Editor's Note: This story is a supplement to the "50, 100 and 150 Years Ago" column from the August issue of Scientific American
The problem of tele-vision has long been a favorite one with enterprising inventors. The many telephotographic apparatuses which have been made known in the course of the last few years are the outcome of their endeavors. But the transmission of photographs, drawings, and handwriting over a telegraph wire is incomparably more easy than the instantaneous rendering of the moving objects situated at the transmitting station.
It is true a solution of the problem could be attempted on the very principle underlying the construction of these tele-photographic apparatuses. the various sections of a picture would be produced--not successively, as in the case of tele-photography, but simultaneously, as well as instantaneously, without any lag, and would become visible immediately without any photographic process. There are two difficulties in the way of a practical realization of this idea, viz., (1) the extraordinary costliness of such an outfit; (2) the sluggishness or inertia of the vital organ of most systems, viz., the photo-electric selenium cell.

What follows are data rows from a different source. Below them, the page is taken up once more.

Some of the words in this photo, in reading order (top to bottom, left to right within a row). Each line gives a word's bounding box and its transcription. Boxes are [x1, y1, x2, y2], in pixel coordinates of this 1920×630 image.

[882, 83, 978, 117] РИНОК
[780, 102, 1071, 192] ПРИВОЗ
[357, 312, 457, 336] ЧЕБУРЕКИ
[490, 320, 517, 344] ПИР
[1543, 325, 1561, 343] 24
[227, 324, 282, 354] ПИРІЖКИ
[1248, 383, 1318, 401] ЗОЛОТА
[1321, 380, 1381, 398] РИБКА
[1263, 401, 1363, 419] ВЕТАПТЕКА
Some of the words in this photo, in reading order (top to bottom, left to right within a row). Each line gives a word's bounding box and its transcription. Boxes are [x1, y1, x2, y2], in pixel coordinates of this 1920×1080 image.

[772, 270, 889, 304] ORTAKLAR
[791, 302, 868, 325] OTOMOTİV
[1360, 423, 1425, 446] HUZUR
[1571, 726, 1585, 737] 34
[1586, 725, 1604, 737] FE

Mr. Ernest Ruhmer, or Berlin, well known for his inventions in the field of wireless telephony and telegraphy, has succeeded in perfecting what is probably the first demonstration apparatus which may be said actually to solve the problem. The writer has had an opportunity of inspecting this curious machine immediately before it being sent to Brussels, in order there to be demonstrated before the promoters of the Universal Exhibition planned for next year. In fact, a complete and definite television apparatus, costing the trifling sum of and a quarter million dollars, is to be the clou of this exposition. The demonstration apparatus has been produced at a cost of $1,250, and by reason of its more elementary construction, lends itself only to the reproduction of the pattern, consisting of squares arranged in different combinations.

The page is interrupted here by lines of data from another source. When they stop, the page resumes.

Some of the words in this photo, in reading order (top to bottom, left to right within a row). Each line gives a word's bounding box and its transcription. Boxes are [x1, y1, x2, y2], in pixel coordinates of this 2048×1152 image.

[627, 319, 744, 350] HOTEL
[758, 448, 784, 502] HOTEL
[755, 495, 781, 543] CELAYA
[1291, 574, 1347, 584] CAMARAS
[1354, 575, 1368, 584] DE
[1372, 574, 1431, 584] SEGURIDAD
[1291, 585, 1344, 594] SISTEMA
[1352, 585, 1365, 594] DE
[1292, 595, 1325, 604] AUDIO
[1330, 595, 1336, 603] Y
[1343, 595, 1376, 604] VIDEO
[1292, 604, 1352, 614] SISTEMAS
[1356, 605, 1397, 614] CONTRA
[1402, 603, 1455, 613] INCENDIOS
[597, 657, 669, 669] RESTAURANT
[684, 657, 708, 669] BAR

The pattern is thrown on a screen hung on a wall, which screen is a square divided into 25 square sections. Behind each of these sections is arranged a highly sensitive selenium cell in which, by a novel process, inertia has been eliminated so far as possible. It thus responds instantaneously to any variation in lighting it is exposed to.
At the receiving station is arranged a similar screen divided into the same number of sections, each of which communicates with the corresponding section on the transmitting screen. while the actual system used in transmission is kept secret, this much may be stated, that a highly sensitive mirror galvanometer reconverts the fluctuations of current produced by fluctuations in luminous intensity on the transmitting screen, into corresponding light-variations. An accumulator battery supplies current to the tele-vision circuits.
As soon as a perforated pattern is inserted in the projector, a telegraphic reproduction of the picture appears at the very moment it is thrown on the transmitting screen. The sluggishness of the cells has been overcome to such a degree that the telegraphic picture will respond practically instantaneously to any motion. In fact, a reproduction obtained at most in a few minutes with the photo-telegraphic apparatus so far constructed, is here achieved in fraction of a second, so that several phases of a motion can be reproduced within a second.
It is hard to realize what an amount of laborious work has been expended in constructing even this comparatively simple apparatus. In fact, each section, with its selenium cell and mirror galvanometer device, is an instrument of precision in itself, while the final apparatus will be composed of 10,000 elements of the same kind. Each selenium cell will have to wound personally by the inventor, who never intrusts this work to anybody else.